Wednesday whimsies

It's not yet known whether The Old Nick allows this
sort of thing, but a pint of Badger is always available
This Thursday, 15 March, IPKat blogmeister Jeremy will be at The Old Nick, just off High Holborn, London, from 5.00pm to 6.30pm. Do join him, together with some of his blogging friends, for a drink and a chat about current IP issues. 

What do you think of the IPKat's weekly "Looking for something?" posts which list the previous week's featured articles? There's a little poll at the top of the side bar on this weblog's home page. Do take the opportunity to visit it and give us your opinion as to whether "Looking for something?" should be enthusiastically continued or speedily scrapped -- or as to whether you really couldn't care two hoots!

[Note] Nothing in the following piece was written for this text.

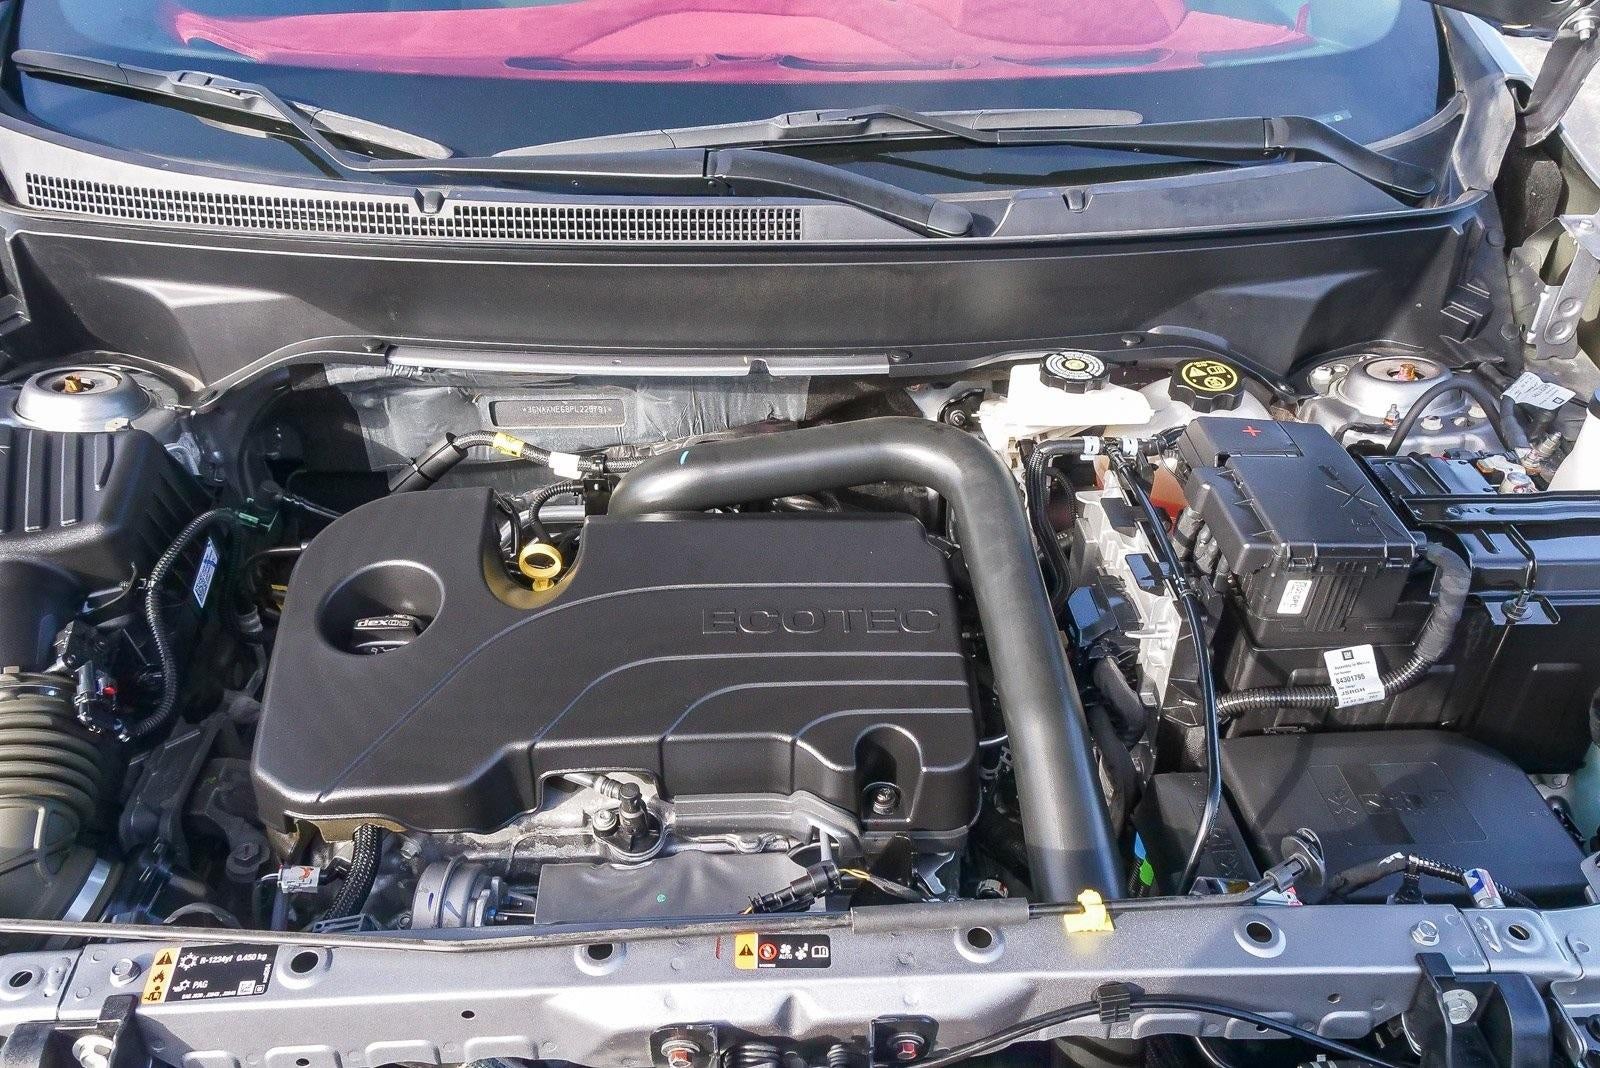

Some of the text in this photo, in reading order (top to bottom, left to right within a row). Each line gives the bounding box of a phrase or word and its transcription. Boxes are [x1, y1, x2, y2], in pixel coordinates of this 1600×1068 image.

The poll closes tomorrow night, so you've not a minute to lose ...

14 March is not just a random date: it is one whole week away from 21 March which, you may not yet know, is the closing date for applications for a very tempting Lectureship/Senior Lectureship in the law of digital media at the School of Law in Edinburgh. Full details of this post, which carries a decent salary even though the Kat is sure that many applicants would happily take the job for nothing other than the joy of working with some of IP's nicest people, can be found here. Preference will be given to candidates who (i) are prepared to teach, supervise other people's research and do their own while demonstrating the qualities of leadership in developing new initiatives, (ii) are willing to pretend for the sake of the interview that EU law, international law and world trade law are cognate areas to digital media law and (iii) since it's Edinburgh, have a high tolerance of a bracing climate for ten months of the year and who like the colour grey.

"Will it fly or will it flop?" was the question posed by the IPKat when he reviewed US attitudes towards the America Invents Act in the light of a forthcoming Forum on US Patent Reform (you can read the Kat's pensées on the topic here). Anyway, here's a little reminder to anyone who might be in or near Washington DC on 27 March that this excellent event (for which full details are available here) is well worth the effort to attend.  Speakers David Kappos (Undersecretary of Commerce for IP; Director, USPTO), Judge Paul Michel, Q. Todd Dickinson (executive director, AIPLA) and the person everyone really wants to hear -- Allied Security Trust CEO Dan McCurdy -- are all nervously straightening their ties and brushing up their PowerPoints in readiness for the dialogue in which a deeply concerned and highly curious patent public is looking forward to engaging them.  A stellar cast of corporations, including those who create their own IP and those who thrive by using the IP of others, is attending: BAE Systems, Boeing Company, Caterpillar, Colgate-Palmolive [will they give a speakers a pasting, wonders Merpel], Eli Lilly, Hitachi, IBM, Johnson & Johnson, Mastercard, Microsoft, NASA, Pfizer,Rambus, Teva, and many more, too numerous to sue list.  The IPKat isn't flying over for this event in case people who see him on the plane think he is being extradited for IP offences, but his ears will be generally pointed in this event's direction. Be there!

My mat, my space*
Around the weblogs.  The MARQUES Class 46 blog is now back online after its hosts did some seasonal spring-cleaning on their website: sorry about the inconvenience!  Writing on IP Finance, IPKat team member Jeremy had a fair bit to say about Yahoo's patent infringement assault on upwardly mobile Facebook. There's a review of the second edition of Simon Stokes' Art & Copyright on Art & Artifice here.  David C. Berry posts a thoughtful review of the ruling in MySpace v GraphOn for PatLit, while the jiplp weblog proudly announces the publication of the special Geographical Indications issue of JIPLP, complete with editorial by guest editors Miguel Ángel Medina González (Elzaburu, Spain) and Keri Johnston (Johnston & Wassenaar, Toronto). Finally, 1709 Blog's Eleonora Rosati reports that rappers Kanye West and Jay-Z have settled their dispute with Syl Johnson.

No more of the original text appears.